Stored records:
__________________________________________________
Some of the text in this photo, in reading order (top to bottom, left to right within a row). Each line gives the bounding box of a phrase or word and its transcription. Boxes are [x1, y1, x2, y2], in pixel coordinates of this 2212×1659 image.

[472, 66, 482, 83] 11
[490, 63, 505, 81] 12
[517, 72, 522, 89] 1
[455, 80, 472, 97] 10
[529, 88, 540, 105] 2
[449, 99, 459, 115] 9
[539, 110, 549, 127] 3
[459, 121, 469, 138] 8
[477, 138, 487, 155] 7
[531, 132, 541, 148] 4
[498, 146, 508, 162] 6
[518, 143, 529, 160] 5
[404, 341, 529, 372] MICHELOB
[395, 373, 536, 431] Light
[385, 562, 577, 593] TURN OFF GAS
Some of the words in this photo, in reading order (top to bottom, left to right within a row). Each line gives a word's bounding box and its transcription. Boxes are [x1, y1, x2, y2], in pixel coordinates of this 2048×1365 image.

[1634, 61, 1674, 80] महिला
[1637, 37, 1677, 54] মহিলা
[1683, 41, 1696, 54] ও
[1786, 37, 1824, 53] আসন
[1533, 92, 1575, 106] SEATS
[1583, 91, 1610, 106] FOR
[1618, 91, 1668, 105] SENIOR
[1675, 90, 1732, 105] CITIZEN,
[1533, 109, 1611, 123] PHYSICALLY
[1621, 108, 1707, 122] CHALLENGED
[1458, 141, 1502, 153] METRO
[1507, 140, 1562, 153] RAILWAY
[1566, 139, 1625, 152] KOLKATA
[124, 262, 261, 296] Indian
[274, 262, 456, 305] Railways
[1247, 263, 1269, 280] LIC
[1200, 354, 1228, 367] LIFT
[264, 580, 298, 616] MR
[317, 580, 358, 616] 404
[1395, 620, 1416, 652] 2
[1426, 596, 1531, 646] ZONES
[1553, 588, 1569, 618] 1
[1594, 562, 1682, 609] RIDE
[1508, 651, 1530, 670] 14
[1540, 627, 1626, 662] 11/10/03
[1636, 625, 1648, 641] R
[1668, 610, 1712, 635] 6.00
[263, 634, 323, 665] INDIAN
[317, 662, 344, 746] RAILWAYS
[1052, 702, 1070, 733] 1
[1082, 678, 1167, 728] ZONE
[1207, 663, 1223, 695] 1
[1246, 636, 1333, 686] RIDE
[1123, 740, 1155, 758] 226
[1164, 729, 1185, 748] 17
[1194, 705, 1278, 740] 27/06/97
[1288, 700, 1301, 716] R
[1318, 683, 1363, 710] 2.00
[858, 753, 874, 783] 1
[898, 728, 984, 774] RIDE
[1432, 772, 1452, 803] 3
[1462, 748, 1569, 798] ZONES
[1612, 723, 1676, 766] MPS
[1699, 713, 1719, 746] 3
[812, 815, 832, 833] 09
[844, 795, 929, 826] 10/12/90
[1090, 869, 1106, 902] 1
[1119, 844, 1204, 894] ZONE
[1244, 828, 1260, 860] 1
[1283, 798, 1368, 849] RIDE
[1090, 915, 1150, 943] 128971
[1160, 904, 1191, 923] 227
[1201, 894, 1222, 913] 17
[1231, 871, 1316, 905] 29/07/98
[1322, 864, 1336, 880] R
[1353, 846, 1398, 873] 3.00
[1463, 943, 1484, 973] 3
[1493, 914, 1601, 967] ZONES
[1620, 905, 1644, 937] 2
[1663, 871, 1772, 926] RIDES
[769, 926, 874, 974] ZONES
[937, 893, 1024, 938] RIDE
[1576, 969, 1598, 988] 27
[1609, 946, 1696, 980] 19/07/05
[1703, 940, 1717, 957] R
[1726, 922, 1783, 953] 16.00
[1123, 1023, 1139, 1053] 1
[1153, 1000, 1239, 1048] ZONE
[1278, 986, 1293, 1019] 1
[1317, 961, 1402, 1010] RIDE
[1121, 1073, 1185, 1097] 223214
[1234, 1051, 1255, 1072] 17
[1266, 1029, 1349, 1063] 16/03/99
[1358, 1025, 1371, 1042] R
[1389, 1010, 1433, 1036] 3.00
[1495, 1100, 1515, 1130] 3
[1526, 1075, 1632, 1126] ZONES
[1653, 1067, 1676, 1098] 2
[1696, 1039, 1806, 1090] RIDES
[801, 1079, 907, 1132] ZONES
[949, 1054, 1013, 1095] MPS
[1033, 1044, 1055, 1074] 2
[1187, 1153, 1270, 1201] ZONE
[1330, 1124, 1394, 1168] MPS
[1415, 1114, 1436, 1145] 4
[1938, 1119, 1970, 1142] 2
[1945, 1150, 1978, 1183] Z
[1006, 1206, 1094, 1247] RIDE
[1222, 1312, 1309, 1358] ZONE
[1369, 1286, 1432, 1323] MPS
__________________________________________________
**Activity**
Each entry above is to be transcribed exactly as it was written.

**Response to the task**
Some of the text in this photo, in reading order (top to bottom, left to right within a row). Each line gives the bounding box of a phrase or word and its transcription. Boxes are [x1, y1, x2, y2], in pixel coordinates of this 2212×1659 image.

[472, 66, 482, 83] 11
[490, 63, 505, 81] 12
[517, 72, 522, 89] 1
[455, 80, 472, 97] 10
[529, 88, 540, 105] 2
[449, 99, 459, 115] 9
[539, 110, 549, 127] 3
[459, 121, 469, 138] 8
[477, 138, 487, 155] 7
[531, 132, 541, 148] 4
[498, 146, 508, 162] 6
[518, 143, 529, 160] 5
[404, 341, 529, 372] MICHELOB
[395, 373, 536, 431] Light
[385, 562, 577, 593] TURN OFF GAS
Some of the words in this photo, in reading order (top to bottom, left to right within a row). Each line gives a word's bounding box and its transcription. Boxes are [x1, y1, x2, y2], in pixel coordinates of this 2048×1365 image.

[1634, 61, 1674, 80] महिला
[1637, 37, 1677, 54] মহিলা
[1683, 41, 1696, 54] ও
[1786, 37, 1824, 53] আসন
[1533, 92, 1575, 106] SEATS
[1583, 91, 1610, 106] FOR
[1618, 91, 1668, 105] SENIOR
[1675, 90, 1732, 105] CITIZEN,
[1533, 109, 1611, 123] PHYSICALLY
[1621, 108, 1707, 122] CHALLENGED
[1458, 141, 1502, 153] METRO
[1507, 140, 1562, 153] RAILWAY
[1566, 139, 1625, 152] KOLKATA
[124, 262, 261, 296] Indian
[274, 262, 456, 305] Railways
[1247, 263, 1269, 280] LIC
[1200, 354, 1228, 367] LIFT
[264, 580, 298, 616] MR
[317, 580, 358, 616] 404
[1395, 620, 1416, 652] 2
[1426, 596, 1531, 646] ZONES
[1553, 588, 1569, 618] 1
[1594, 562, 1682, 609] RIDE
[1508, 651, 1530, 670] 14
[1540, 627, 1626, 662] 11/10/03
[1636, 625, 1648, 641] R
[1668, 610, 1712, 635] 6.00
[263, 634, 323, 665] INDIAN
[317, 662, 344, 746] RAILWAYS
[1052, 702, 1070, 733] 1
[1082, 678, 1167, 728] ZONE
[1207, 663, 1223, 695] 1
[1246, 636, 1333, 686] RIDE
[1123, 740, 1155, 758] 226
[1164, 729, 1185, 748] 17
[1194, 705, 1278, 740] 27/06/97
[1288, 700, 1301, 716] R
[1318, 683, 1363, 710] 2.00
[858, 753, 874, 783] 1
[898, 728, 984, 774] RIDE
[1432, 772, 1452, 803] 3
[1462, 748, 1569, 798] ZONES
[1612, 723, 1676, 766] MPS
[1699, 713, 1719, 746] 3
[812, 815, 832, 833] 09
[844, 795, 929, 826] 10/12/90
[1090, 869, 1106, 902] 1
[1119, 844, 1204, 894] ZONE
[1244, 828, 1260, 860] 1
[1283, 798, 1368, 849] RIDE
[1090, 915, 1150, 943] 128971
[1160, 904, 1191, 923] 227
[1201, 894, 1222, 913] 17
[1231, 871, 1316, 905] 29/07/98
[1322, 864, 1336, 880] R
[1353, 846, 1398, 873] 3.00
[1463, 943, 1484, 973] 3
[1493, 914, 1601, 967] ZONES
[1620, 905, 1644, 937] 2
[1663, 871, 1772, 926] RIDES
[769, 926, 874, 974] ZONES
[937, 893, 1024, 938] RIDE
[1576, 969, 1598, 988] 27
[1609, 946, 1696, 980] 19/07/05
[1703, 940, 1717, 957] R
[1726, 922, 1783, 953] 16.00
[1123, 1023, 1139, 1053] 1
[1153, 1000, 1239, 1048] ZONE
[1278, 986, 1293, 1019] 1
[1317, 961, 1402, 1010] RIDE
[1121, 1073, 1185, 1097] 223214
[1234, 1051, 1255, 1072] 17
[1266, 1029, 1349, 1063] 16/03/99
[1358, 1025, 1371, 1042] R
[1389, 1010, 1433, 1036] 3.00
[1495, 1100, 1515, 1130] 3
[1526, 1075, 1632, 1126] ZONES
[1653, 1067, 1676, 1098] 2
[1696, 1039, 1806, 1090] RIDES
[801, 1079, 907, 1132] ZONES
[949, 1054, 1013, 1095] MPS
[1033, 1044, 1055, 1074] 2
[1187, 1153, 1270, 1201] ZONE
[1330, 1124, 1394, 1168] MPS
[1415, 1114, 1436, 1145] 4
[1938, 1119, 1970, 1142] 2
[1945, 1150, 1978, 1183] Z
[1006, 1206, 1094, 1247] RIDE
[1222, 1312, 1309, 1358] ZONE
[1369, 1286, 1432, 1323] MPS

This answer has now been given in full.